◆ **Instructions for the task**:
Set down each line of the data exactly, but not the pictures.

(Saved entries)
*** Begin section ***
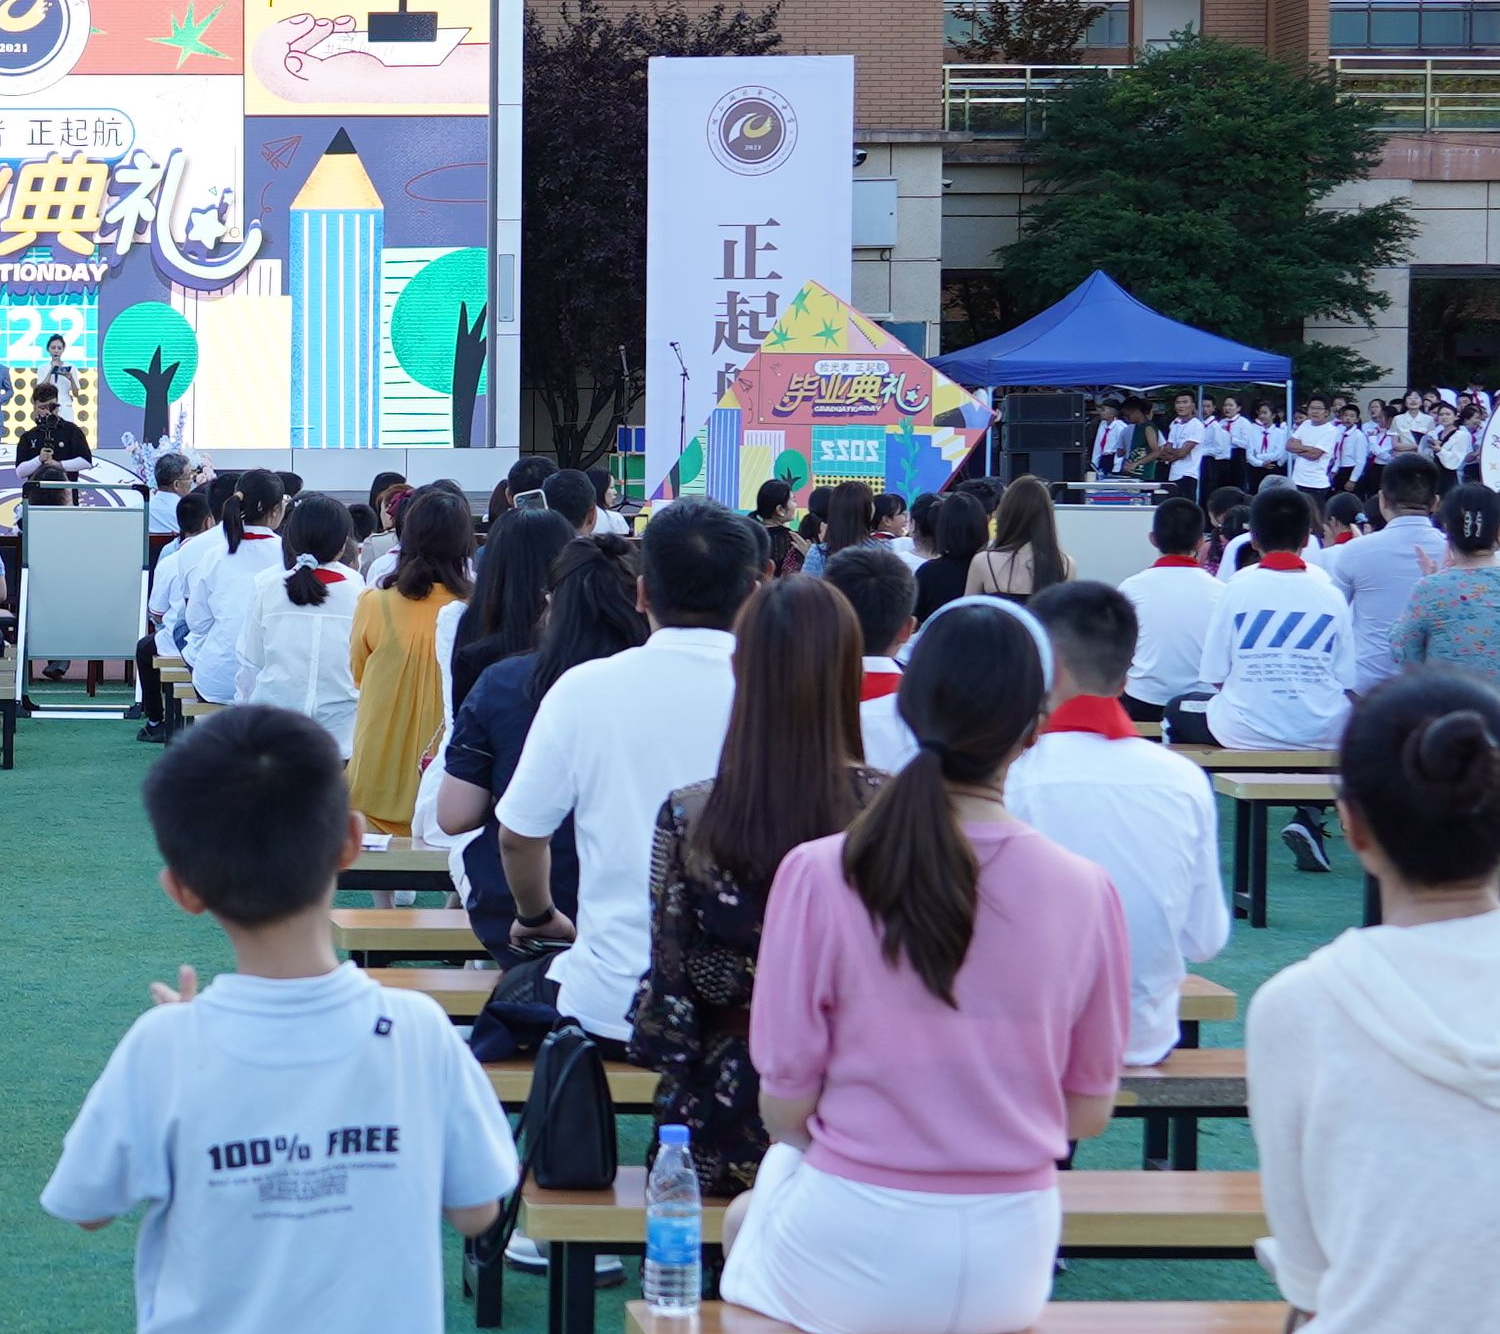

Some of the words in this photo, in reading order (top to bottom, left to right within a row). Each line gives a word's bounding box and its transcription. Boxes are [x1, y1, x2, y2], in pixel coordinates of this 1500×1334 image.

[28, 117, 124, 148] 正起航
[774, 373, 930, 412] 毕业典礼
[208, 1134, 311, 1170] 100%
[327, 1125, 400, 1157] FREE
*** End section ***
◆ **Expected answer**:
Some of the words in this photo, in reading order (top to bottom, left to right within a row). Each line gives a word's bounding box and its transcription. Boxes are [x1, y1, x2, y2], in pixel coordinates of this 1500×1334 image.

[28, 117, 124, 148] 正起航
[774, 373, 930, 412] 毕业典礼
[208, 1134, 311, 1170] 100%
[327, 1125, 400, 1157] FREE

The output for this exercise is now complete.